**Exercise input**
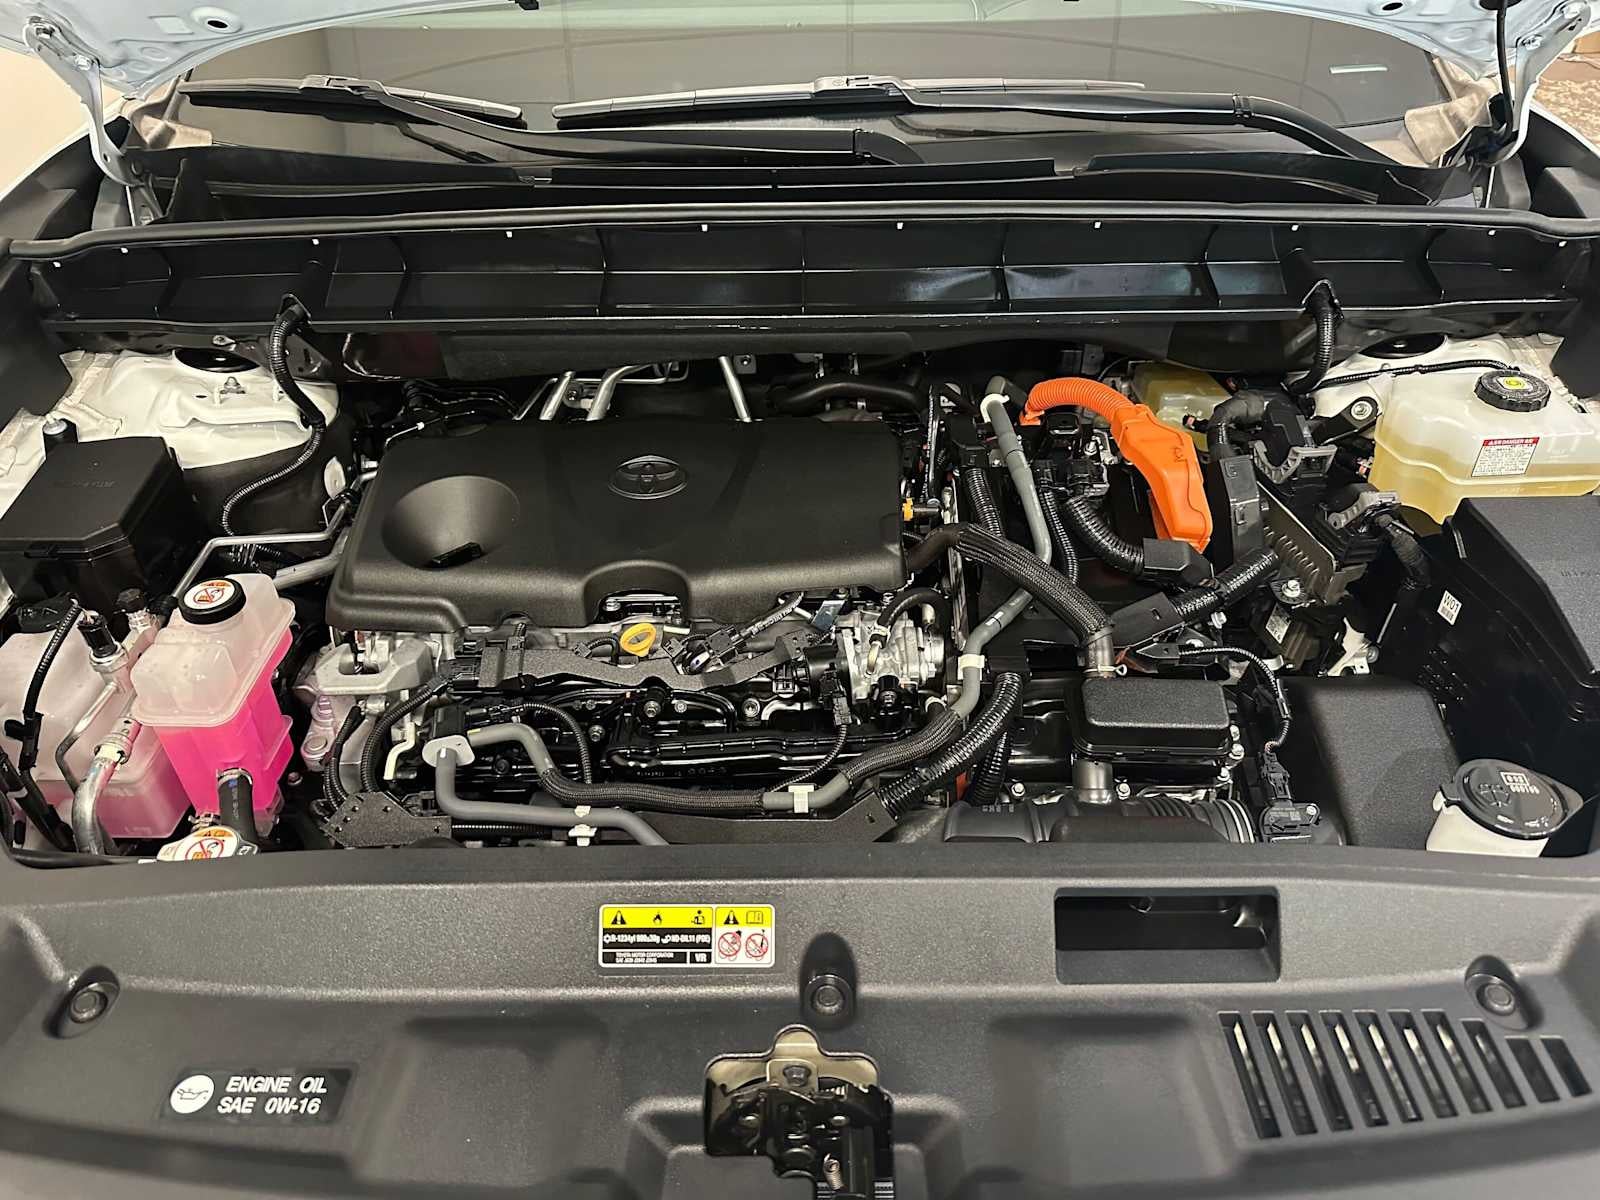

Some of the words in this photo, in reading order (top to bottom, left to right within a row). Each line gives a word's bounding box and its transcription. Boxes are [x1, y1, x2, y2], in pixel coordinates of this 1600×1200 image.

[694, 953, 707, 963] VR
[225, 1076, 292, 1094] ENGINE
[299, 1076, 328, 1094] OIL
[217, 1096, 257, 1114] SAE
[264, 1098, 322, 1115] 0W-16

**What you have to do**
Make an exact copy of the listing. Do not carry over its pictures.

**Worked solution**
Some of the words in this photo, in reading order (top to bottom, left to right within a row). Each line gives a word's bounding box and its transcription. Boxes are [x1, y1, x2, y2], in pixel coordinates of this 1600×1200 image.

[694, 953, 707, 963] VR
[225, 1076, 292, 1094] ENGINE
[299, 1076, 328, 1094] OIL
[217, 1096, 257, 1114] SAE
[264, 1098, 322, 1115] 0W-16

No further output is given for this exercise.